Evolution of hydrogen sulfide in sour saline aquifers during carbon dioxide sequestration

Seyyed M. Ghaderi, David W. Keith, Rob Lavoie, Yuri Leonenko

Many deep saline aquifers suitable for carbon dioxide (CO₂) sequestration contain measurable concentrations of hydrogen sulfide (H₂S). These aquifers are described here as sour saline aquifers and the other ones as ordinary saline aquifers. Sour saline aquifers occur wherever even minor amounts of anhydrite or other sulfate sources are present in the formation. In this paper, compositional modeling of CO₂ injection into such aquifers is studied. When CO₂ is injected into a sour saline aquifer, the H₂S initially dissolved in the brine will be exsolved and released into an expanding CO₂ plume. At any time after the start of CO₂ injection, the region swept by the plume consists of two sub-regions.
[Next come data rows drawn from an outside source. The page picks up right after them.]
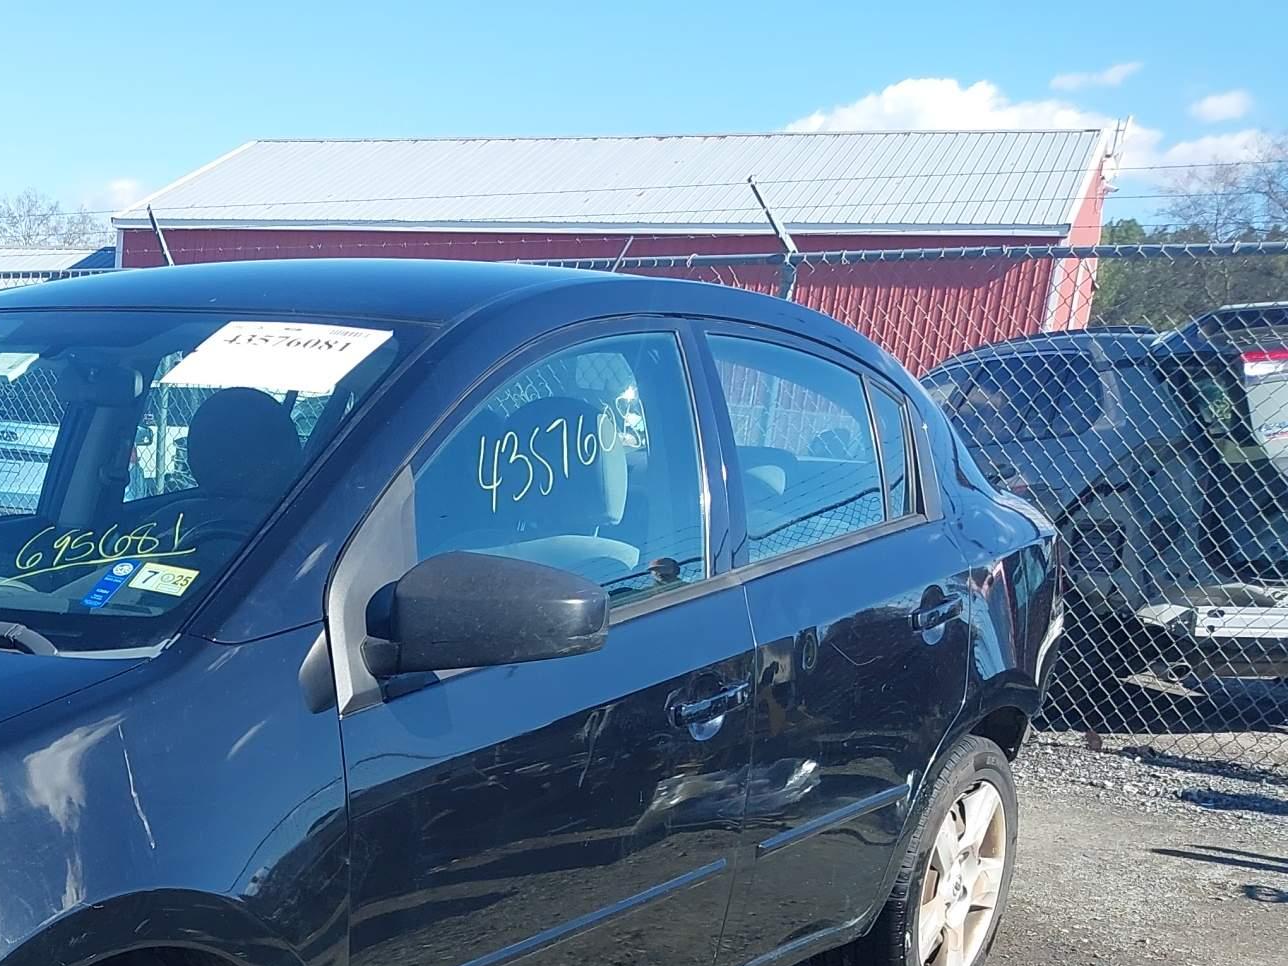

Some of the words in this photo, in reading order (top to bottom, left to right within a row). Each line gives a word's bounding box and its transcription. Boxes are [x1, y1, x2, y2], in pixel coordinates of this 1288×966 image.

[223, 333, 352, 352] 43576081
[15, 512, 185, 570] 695681
[141, 569, 159, 584] 7
[171, 574, 193, 587] 25
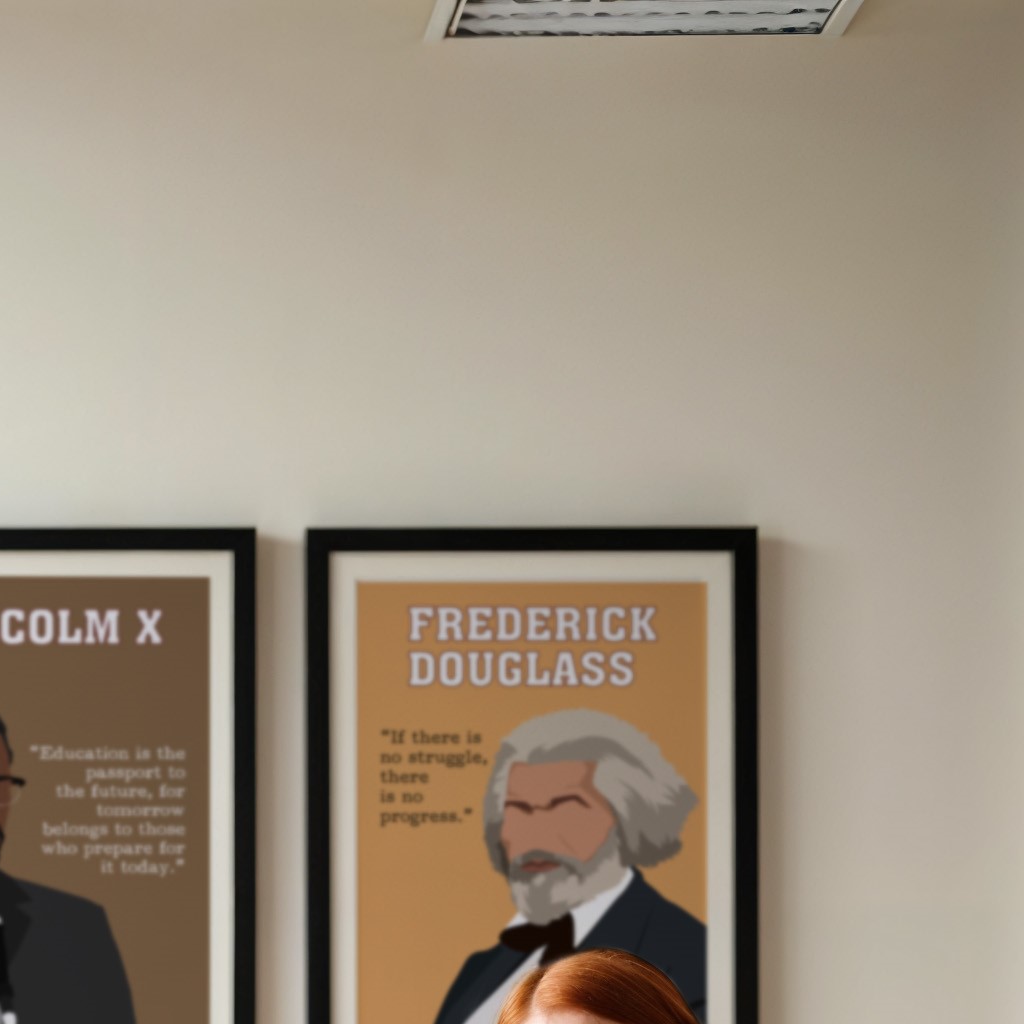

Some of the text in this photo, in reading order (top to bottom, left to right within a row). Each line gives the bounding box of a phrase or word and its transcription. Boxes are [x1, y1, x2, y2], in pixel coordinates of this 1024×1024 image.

[135, 609, 163, 645] X
[408, 605, 657, 642] FREDERICK
[408, 650, 635, 687] DOUGLASS
[380, 729, 482, 745] "If there is
[29, 745, 186, 761] "Education is the
[380, 749, 488, 768] no struggle,
[85, 765, 186, 781] passport to
[380, 769, 429, 784] there
[56, 784, 186, 801] the future, for
[380, 790, 424, 804] is no
[96, 804, 184, 817] tomorrow
[380, 808, 473, 827] progress."
[42, 822, 186, 840] belongs to those
[41, 841, 186, 859] who prepare for
[100, 859, 185, 878] it today."
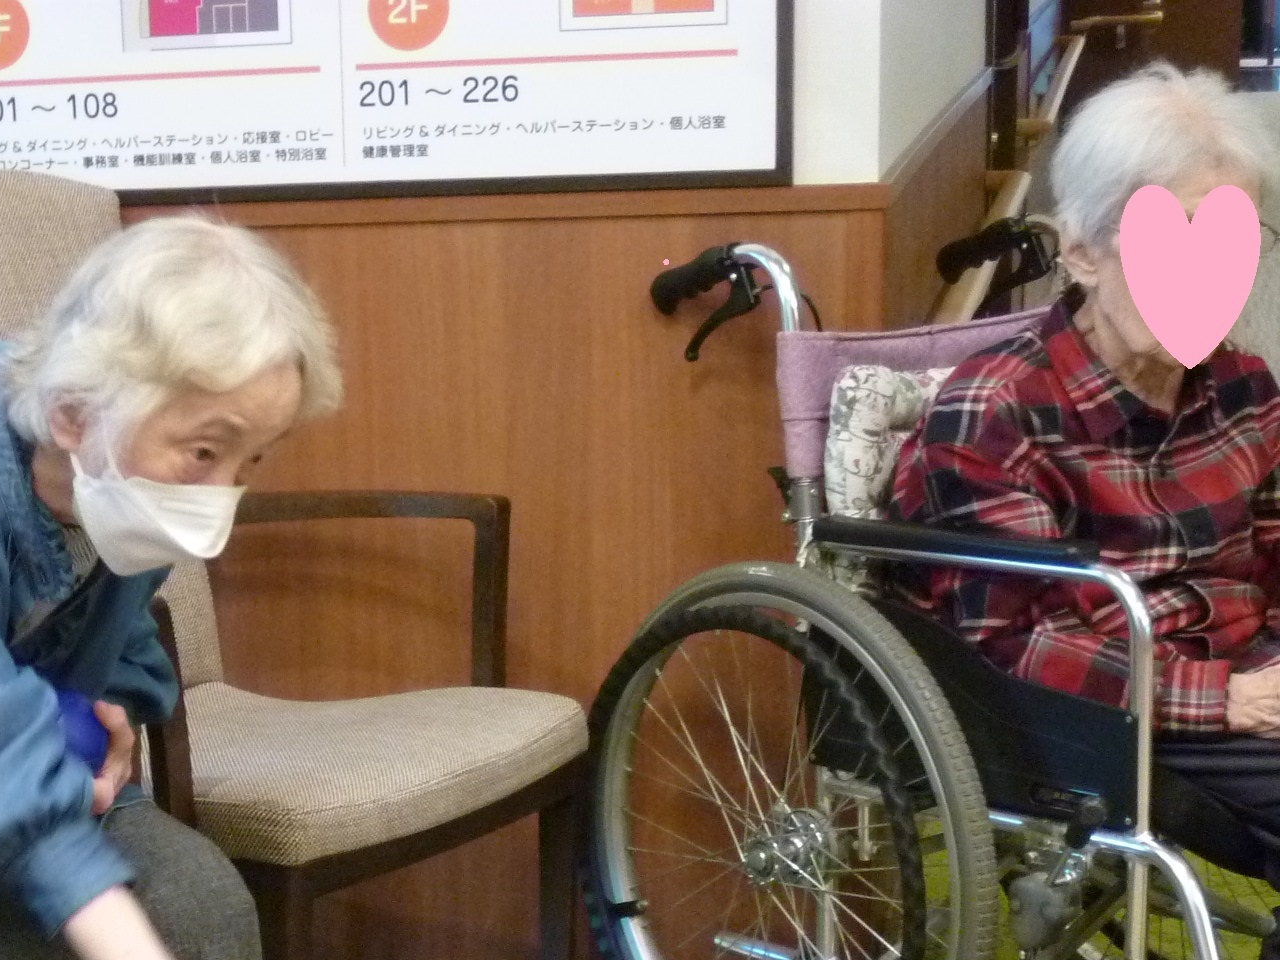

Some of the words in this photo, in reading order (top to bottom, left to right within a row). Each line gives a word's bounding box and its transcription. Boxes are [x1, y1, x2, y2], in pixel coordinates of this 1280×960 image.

[388, 0, 428, 24] 2F
[359, 79, 410, 107] 201
[462, 75, 519, 103] 226
[67, 92, 118, 120] 108
[362, 143, 429, 159] 健康管理室
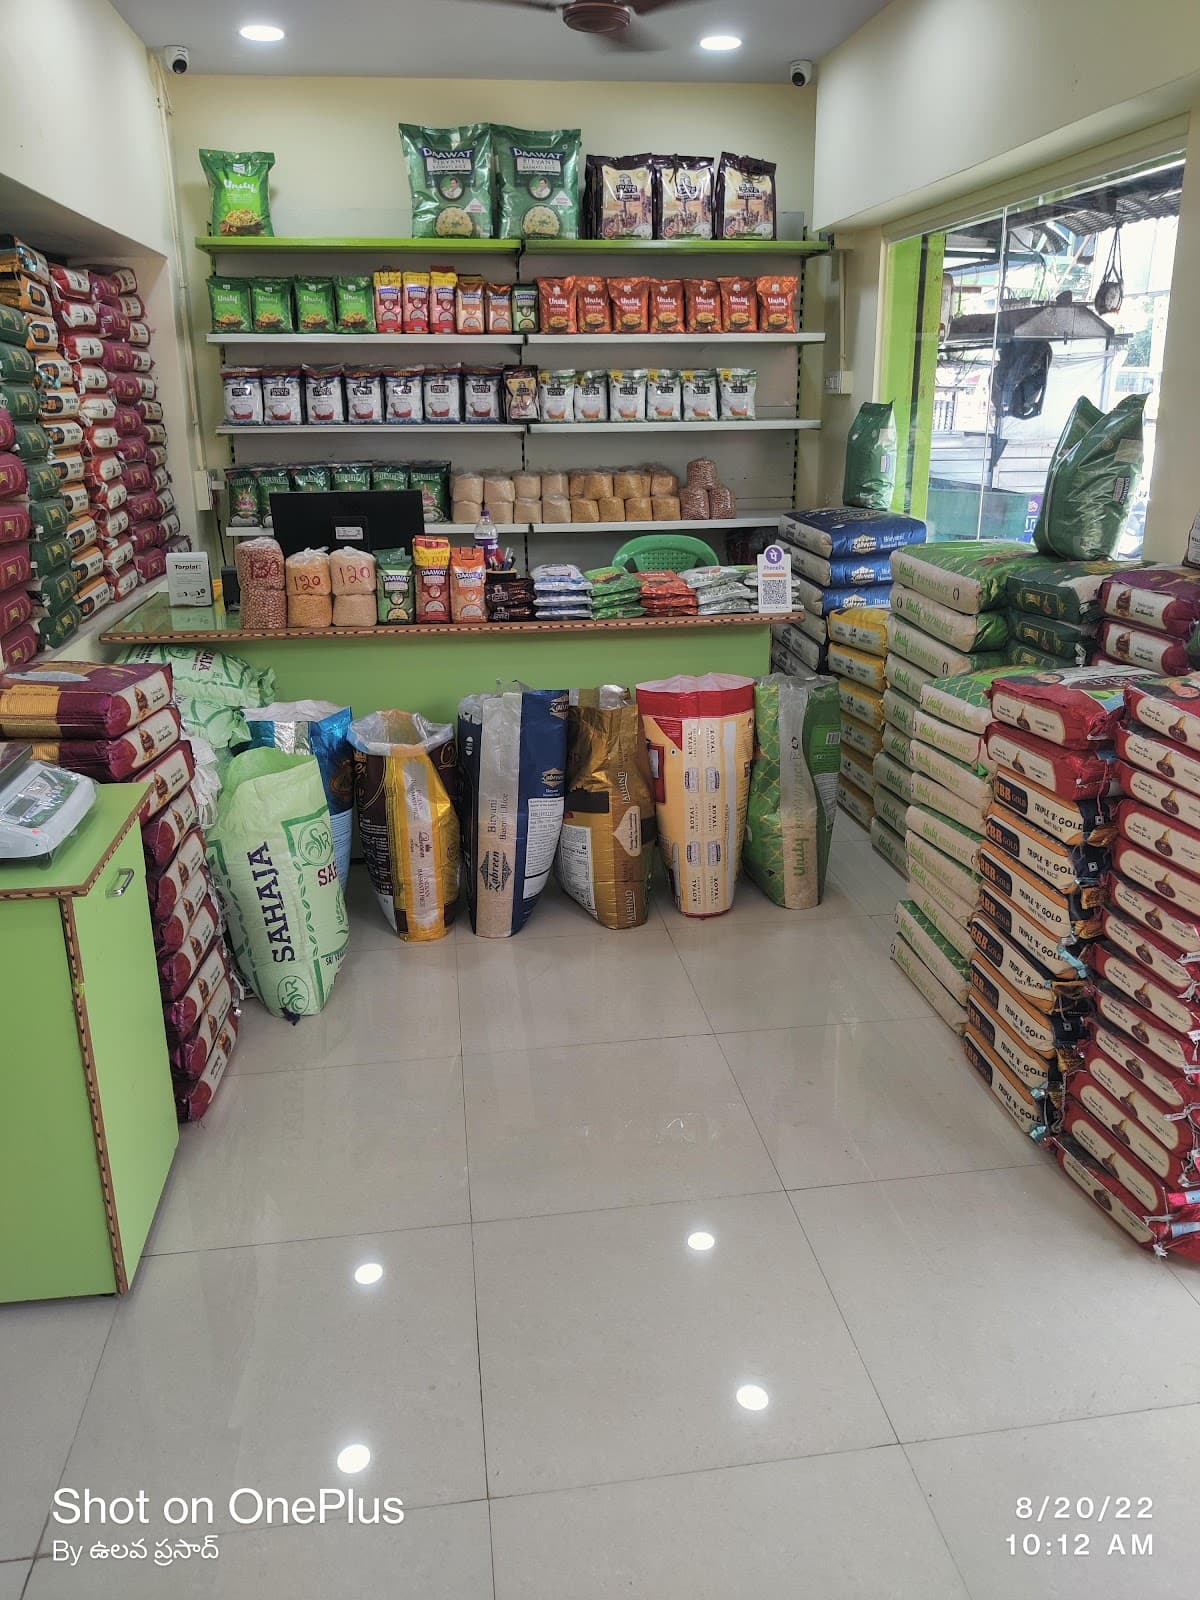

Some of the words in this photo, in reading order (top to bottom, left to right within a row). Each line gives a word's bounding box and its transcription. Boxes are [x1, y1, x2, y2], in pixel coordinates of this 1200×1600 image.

[423, 147, 473, 159] DAAWAT
[514, 148, 563, 160] DAAWAT
[548, 298, 568, 307] Unity
[584, 297, 604, 306] Unity
[621, 297, 641, 306] Unity
[657, 296, 676, 305] Unity
[730, 296, 750, 305] Unity
[768, 297, 788, 306] Unity
[338, 565, 371, 585] 120
[421, 568, 447, 576] DAAWAT
[294, 574, 320, 590] 120
[488, 799, 497, 833] Biryani
[1034, 803, 1050, 822] TRIPLE
[419, 831, 430, 858] Queen
[792, 838, 809, 877] Unity
[1027, 847, 1043, 866] TRIPLE
[489, 851, 499, 893] Zabreen
[247, 841, 296, 964] SAHAJA
[625, 890, 636, 924] JAIHIND
[1019, 887, 1034, 908] TRIPLE
[1041, 906, 1062, 923] GOLD
[970, 926, 988, 950] BBB
[1018, 925, 1033, 944] TRIPLE
[1008, 959, 1024, 979] TRIPLE
[1004, 1003, 1019, 1023] TRIPLE
[1001, 1041, 1016, 1061] TRIPLE
[1023, 1063, 1048, 1079] GOLD
[998, 1083, 1013, 1104] TRIPLE
[1019, 1106, 1041, 1123] GOLD
The first of these is an inner subregion extending from the injection well, and is characterized by the absence of H₂S in both aqueous and gaseous phases. The dissolved H₂S in this inner sub-region is nearly completely removed from the brine via an exsolution process. The second sub-region extends from the outer edge of the inner sub-region to the leading edge of the plume. In this outer sub-region, the mole fraction of H₂S in the gas plume gradually increases toward the leading edge and reaches a peak value. While the gas plume is expanding the size of the outer sub-region enlarges. Following the discussion of these phenomena, in the next part of the paper, injection of acid gases (mixtures of H₂S and CO₂) into sour saline aquifers and ordinary saline aquifers is explored. In contrast to sour aquifers, unsaturated water in an ordinary aquifer will strip away H2S from the CO2 stream and consequently the mole fraction of H₂S toward the gas front decreases. The highly toxic nature of H2S gas suggests the need to account for dissolved H₂S in sour saline aquifers when establishing risk assessment, monitoring, and management strategies at CO₂ storage sites.